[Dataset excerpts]
-- Opening Marker --
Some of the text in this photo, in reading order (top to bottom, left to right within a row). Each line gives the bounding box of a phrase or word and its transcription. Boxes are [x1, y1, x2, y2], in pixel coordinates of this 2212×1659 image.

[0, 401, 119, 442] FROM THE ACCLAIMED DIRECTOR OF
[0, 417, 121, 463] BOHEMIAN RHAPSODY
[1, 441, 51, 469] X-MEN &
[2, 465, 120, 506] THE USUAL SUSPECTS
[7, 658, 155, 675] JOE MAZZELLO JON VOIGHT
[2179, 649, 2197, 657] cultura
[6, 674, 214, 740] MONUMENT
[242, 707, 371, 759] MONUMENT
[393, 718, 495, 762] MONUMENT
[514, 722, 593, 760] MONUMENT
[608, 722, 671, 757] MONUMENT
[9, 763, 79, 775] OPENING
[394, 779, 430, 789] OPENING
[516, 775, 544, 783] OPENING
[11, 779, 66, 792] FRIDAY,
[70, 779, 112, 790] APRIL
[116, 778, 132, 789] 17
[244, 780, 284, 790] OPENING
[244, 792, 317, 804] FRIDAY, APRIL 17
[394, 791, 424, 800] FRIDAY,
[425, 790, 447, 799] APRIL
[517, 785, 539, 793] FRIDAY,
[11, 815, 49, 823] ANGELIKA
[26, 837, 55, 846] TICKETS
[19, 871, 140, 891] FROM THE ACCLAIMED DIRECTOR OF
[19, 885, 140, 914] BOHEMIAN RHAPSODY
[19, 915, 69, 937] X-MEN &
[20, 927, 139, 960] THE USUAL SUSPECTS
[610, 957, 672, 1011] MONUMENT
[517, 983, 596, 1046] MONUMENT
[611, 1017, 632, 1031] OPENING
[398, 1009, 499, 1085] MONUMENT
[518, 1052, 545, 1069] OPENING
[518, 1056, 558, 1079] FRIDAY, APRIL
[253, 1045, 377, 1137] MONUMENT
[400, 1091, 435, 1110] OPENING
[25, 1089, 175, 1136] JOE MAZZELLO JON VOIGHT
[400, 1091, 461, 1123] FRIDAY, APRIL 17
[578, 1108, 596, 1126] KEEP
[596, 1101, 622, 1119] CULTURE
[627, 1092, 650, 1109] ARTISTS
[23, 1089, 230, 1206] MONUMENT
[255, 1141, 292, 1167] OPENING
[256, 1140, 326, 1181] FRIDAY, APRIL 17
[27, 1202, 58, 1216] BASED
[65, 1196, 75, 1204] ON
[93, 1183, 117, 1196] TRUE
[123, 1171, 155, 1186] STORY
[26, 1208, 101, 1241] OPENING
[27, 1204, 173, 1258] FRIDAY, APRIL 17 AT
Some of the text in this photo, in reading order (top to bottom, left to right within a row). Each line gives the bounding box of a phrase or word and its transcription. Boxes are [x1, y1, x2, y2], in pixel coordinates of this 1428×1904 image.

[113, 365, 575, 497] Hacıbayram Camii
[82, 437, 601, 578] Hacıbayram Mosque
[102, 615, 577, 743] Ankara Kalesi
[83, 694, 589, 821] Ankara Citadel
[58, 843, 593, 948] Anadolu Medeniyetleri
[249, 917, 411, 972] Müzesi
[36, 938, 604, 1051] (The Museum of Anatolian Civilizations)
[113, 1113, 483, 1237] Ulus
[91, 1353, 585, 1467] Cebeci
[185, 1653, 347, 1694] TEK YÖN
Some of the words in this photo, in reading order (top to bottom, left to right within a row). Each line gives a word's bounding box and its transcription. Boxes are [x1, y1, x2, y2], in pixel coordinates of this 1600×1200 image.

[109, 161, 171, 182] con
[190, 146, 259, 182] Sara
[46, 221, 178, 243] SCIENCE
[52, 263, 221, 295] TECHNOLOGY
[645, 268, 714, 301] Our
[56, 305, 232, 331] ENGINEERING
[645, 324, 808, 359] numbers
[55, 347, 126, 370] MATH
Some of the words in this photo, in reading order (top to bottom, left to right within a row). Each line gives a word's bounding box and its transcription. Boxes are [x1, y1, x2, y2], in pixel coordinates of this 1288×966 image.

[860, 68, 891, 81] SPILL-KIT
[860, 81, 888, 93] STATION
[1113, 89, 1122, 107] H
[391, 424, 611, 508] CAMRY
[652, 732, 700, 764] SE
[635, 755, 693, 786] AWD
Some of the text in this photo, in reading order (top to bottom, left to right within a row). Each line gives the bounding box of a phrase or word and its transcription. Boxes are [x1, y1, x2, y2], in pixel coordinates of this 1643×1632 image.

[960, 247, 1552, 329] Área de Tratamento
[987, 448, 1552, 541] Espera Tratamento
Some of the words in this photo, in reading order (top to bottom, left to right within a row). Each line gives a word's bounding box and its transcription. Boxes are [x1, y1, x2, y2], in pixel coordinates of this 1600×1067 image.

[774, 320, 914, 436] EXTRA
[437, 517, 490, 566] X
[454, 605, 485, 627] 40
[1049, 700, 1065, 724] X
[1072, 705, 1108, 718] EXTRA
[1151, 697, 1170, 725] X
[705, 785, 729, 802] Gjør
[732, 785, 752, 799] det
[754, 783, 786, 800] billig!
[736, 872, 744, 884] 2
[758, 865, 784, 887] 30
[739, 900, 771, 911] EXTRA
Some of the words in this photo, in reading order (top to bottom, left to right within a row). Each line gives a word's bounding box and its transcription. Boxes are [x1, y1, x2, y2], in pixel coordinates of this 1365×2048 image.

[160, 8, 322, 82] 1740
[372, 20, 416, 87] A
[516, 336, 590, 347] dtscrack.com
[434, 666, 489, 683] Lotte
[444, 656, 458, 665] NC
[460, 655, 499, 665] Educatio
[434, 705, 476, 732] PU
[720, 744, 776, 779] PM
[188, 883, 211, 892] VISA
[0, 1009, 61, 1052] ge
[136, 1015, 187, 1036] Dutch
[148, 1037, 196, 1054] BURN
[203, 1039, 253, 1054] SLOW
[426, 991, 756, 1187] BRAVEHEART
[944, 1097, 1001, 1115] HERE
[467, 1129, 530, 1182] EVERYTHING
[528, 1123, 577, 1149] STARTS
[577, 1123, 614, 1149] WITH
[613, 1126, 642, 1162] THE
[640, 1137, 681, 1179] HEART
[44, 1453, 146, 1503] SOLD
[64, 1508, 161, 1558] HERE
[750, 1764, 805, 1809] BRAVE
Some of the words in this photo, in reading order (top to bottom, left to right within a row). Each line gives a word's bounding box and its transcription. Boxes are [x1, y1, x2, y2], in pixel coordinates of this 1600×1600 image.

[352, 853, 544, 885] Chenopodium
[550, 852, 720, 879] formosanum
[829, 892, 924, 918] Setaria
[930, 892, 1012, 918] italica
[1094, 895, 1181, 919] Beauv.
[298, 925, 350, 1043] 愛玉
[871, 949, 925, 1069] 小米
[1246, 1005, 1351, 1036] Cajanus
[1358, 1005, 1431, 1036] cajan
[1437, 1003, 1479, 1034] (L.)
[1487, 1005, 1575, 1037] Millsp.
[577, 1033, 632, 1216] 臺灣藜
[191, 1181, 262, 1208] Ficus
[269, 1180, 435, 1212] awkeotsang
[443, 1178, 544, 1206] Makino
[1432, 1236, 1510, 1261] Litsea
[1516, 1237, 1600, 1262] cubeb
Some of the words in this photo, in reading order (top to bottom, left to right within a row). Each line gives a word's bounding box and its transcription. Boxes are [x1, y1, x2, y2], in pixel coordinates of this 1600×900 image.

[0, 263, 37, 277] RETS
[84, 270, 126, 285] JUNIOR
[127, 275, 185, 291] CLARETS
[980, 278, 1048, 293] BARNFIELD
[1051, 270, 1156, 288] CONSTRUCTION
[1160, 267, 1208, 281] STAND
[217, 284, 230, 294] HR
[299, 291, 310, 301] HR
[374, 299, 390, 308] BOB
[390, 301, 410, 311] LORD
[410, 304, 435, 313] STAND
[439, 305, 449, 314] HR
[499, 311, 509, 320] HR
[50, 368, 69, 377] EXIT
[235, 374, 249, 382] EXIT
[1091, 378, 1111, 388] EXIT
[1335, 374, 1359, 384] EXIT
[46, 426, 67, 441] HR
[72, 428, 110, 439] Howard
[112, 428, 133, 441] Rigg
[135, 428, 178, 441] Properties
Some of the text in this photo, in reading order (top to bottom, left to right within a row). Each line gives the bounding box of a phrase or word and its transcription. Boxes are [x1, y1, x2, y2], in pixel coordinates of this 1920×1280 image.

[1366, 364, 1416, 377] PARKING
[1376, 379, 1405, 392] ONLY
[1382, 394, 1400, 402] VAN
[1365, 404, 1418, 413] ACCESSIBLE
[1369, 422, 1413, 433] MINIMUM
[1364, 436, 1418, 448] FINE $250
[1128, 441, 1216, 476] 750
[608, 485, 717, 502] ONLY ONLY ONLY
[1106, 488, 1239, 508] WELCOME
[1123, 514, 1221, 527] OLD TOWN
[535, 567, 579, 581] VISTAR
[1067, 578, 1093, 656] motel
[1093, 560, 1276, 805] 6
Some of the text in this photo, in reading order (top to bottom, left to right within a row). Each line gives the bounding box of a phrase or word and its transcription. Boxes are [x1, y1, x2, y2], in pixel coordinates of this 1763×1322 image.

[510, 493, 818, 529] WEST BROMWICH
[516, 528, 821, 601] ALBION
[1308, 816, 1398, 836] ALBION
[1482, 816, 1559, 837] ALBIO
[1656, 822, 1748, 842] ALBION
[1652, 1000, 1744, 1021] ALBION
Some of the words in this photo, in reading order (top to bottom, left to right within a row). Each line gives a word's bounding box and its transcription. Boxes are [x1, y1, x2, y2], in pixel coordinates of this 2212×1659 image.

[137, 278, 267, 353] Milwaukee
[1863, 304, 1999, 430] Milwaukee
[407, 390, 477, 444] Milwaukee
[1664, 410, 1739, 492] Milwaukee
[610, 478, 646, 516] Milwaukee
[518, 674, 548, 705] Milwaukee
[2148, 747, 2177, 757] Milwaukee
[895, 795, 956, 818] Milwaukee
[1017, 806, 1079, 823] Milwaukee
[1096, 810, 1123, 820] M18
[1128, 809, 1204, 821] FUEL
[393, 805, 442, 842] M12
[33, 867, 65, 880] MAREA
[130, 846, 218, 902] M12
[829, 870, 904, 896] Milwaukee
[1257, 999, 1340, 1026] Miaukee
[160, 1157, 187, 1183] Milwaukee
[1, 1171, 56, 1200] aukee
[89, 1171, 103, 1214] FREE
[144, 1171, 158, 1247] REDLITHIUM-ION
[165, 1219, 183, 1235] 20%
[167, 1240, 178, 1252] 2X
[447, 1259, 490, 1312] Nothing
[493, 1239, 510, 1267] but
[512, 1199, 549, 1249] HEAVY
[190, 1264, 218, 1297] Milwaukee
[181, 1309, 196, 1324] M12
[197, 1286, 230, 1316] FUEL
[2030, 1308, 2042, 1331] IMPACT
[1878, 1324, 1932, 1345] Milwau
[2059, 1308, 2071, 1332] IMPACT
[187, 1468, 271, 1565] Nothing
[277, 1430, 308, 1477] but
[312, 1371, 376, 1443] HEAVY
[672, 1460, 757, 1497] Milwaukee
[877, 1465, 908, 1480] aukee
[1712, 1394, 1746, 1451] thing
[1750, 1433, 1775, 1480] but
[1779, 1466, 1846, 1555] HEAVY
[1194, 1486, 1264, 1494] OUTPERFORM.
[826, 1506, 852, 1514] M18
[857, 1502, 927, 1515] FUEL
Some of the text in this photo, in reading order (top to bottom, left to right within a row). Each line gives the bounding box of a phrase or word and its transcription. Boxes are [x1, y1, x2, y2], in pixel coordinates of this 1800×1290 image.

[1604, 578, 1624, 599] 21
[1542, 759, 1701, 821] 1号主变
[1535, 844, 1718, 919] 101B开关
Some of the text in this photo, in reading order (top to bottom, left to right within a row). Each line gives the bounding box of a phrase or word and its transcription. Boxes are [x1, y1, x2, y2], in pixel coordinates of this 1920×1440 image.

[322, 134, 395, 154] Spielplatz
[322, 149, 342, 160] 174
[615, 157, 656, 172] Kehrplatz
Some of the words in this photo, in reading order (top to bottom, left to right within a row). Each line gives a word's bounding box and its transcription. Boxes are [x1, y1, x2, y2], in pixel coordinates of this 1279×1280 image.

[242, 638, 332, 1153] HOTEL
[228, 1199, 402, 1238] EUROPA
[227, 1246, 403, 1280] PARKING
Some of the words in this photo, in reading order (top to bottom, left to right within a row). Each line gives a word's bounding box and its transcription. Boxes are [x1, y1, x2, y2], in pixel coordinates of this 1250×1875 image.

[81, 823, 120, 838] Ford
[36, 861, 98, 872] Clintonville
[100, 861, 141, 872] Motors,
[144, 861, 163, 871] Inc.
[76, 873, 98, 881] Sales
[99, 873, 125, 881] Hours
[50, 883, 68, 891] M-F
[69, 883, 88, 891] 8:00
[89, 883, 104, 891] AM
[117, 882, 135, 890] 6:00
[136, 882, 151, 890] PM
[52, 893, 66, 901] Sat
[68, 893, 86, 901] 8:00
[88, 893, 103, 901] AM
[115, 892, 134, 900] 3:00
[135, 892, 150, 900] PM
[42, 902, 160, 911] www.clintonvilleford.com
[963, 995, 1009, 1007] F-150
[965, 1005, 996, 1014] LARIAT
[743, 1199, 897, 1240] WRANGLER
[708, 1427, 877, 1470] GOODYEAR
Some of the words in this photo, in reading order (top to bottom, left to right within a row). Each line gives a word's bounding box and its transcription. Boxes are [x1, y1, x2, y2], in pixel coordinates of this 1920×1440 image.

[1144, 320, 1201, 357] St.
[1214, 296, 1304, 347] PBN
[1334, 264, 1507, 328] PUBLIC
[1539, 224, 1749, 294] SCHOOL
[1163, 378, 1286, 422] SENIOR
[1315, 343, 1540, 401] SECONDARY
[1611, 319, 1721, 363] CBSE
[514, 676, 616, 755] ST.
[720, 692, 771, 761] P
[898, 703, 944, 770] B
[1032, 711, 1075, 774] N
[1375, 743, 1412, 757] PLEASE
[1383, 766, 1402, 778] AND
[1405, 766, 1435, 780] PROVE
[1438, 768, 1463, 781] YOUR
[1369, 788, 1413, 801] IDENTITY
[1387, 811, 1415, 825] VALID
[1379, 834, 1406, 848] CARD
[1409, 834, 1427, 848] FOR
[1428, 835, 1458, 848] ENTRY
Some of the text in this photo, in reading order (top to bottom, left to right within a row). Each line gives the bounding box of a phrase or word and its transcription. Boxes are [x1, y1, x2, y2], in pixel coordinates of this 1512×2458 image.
-- Closing Marker --
What needs to be done — Set down only the line containing "this 1250×1875 image." and the lines after it through the end, exactly as they appear above.

Answer space —
Some of the words in this photo, in reading order (top to bottom, left to right within a row). Each line gives a word's bounding box and its transcription. Boxes are [x1, y1, x2, y2], in pixel coordinates of this 1250×1875 image.

[81, 823, 120, 838] Ford
[36, 861, 98, 872] Clintonville
[100, 861, 141, 872] Motors,
[144, 861, 163, 871] Inc.
[76, 873, 98, 881] Sales
[99, 873, 125, 881] Hours
[50, 883, 68, 891] M-F
[69, 883, 88, 891] 8:00
[89, 883, 104, 891] AM
[117, 882, 135, 890] 6:00
[136, 882, 151, 890] PM
[52, 893, 66, 901] Sat
[68, 893, 86, 901] 8:00
[88, 893, 103, 901] AM
[115, 892, 134, 900] 3:00
[135, 892, 150, 900] PM
[42, 902, 160, 911] www.clintonvilleford.com
[963, 995, 1009, 1007] F-150
[965, 1005, 996, 1014] LARIAT
[743, 1199, 897, 1240] WRANGLER
[708, 1427, 877, 1470] GOODYEAR
Some of the words in this photo, in reading order (top to bottom, left to right within a row). Each line gives a word's bounding box and its transcription. Boxes are [x1, y1, x2, y2], in pixel coordinates of this 1920×1440 image.

[1144, 320, 1201, 357] St.
[1214, 296, 1304, 347] PBN
[1334, 264, 1507, 328] PUBLIC
[1539, 224, 1749, 294] SCHOOL
[1163, 378, 1286, 422] SENIOR
[1315, 343, 1540, 401] SECONDARY
[1611, 319, 1721, 363] CBSE
[514, 676, 616, 755] ST.
[720, 692, 771, 761] P
[898, 703, 944, 770] B
[1032, 711, 1075, 774] N
[1375, 743, 1412, 757] PLEASE
[1383, 766, 1402, 778] AND
[1405, 766, 1435, 780] PROVE
[1438, 768, 1463, 781] YOUR
[1369, 788, 1413, 801] IDENTITY
[1387, 811, 1415, 825] VALID
[1379, 834, 1406, 848] CARD
[1409, 834, 1427, 848] FOR
[1428, 835, 1458, 848] ENTRY
Some of the text in this photo, in reading order (top to bottom, left to right within a row). Each line gives the bounding box of a phrase or word and its transcription. Boxes are [x1, y1, x2, y2], in pixel coordinates of this 1512×2458 image.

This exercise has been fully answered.